Convergent evolution describes the process by which organisms, taxa, or other biological units (e.g., genes or proteins) that are not derived from a common ancestor have independently acquired comparable (analogous) traits. Convergent evolution can be the result of adapting to, e.g., the same ecological niche, or can be the result of other selective pressures.

Reticulate evolution

Reticulate evolution describes the process by which genetically distinct lineages/species recombine and a new species, which is reproductively isolated from the parent species, arises. This speciation event is called hybrid speciation. Considering reticulate evolution events when constructing a phylogenetic tree might mean that a strictly hierarchical tree structure does not appropriately reflect evolutionary relationships of this particular study group.

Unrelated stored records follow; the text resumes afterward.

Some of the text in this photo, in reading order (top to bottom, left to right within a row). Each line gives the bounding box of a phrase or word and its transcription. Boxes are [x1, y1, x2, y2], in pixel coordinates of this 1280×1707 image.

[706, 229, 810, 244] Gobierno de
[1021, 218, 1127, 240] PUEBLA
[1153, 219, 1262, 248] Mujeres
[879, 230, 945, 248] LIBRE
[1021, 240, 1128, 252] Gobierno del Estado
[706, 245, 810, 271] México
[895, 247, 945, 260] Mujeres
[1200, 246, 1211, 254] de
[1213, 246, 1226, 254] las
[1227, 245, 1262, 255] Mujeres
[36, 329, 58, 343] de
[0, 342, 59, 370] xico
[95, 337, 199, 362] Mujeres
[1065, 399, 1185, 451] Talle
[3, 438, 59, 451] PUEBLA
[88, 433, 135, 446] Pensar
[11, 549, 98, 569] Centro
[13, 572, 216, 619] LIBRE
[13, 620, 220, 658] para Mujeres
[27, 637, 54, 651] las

Similar to analysing the relatedness of classical biological units such as species or populations, studies of gene and protein evolution compare homologous DNA and amino acid sequences and functions to determine their evolutionary relationship. Homologous sequences share an identical or very similar sequence and have a common origin. The fact that there are several different ways in which homologues might arise provides a challenge when assessing relatedness. Again, it is therefore important to be aware of the possible evolutionary processes which might have played a role in the specific group of interest. The two most common types of homologues are defined below.

Orthologue

Homologous biological units (e.g., genes or proteins) are orthologues if they are found in different species and originate from the same ancestral biological unit (common ancestor). Orthologues arise through speciation from a common ancestor and have usually retained the same or similar function over the course of evolution.

Paralogue

Homologous biological units (e.g., genes or proteins) are paralogues if they are found in the same species (often the same organism) and have arisen through (recent or ancient) gene duplication within this species/organism. Over time, paralogues usually become different to each other in function (and sometimes sequence).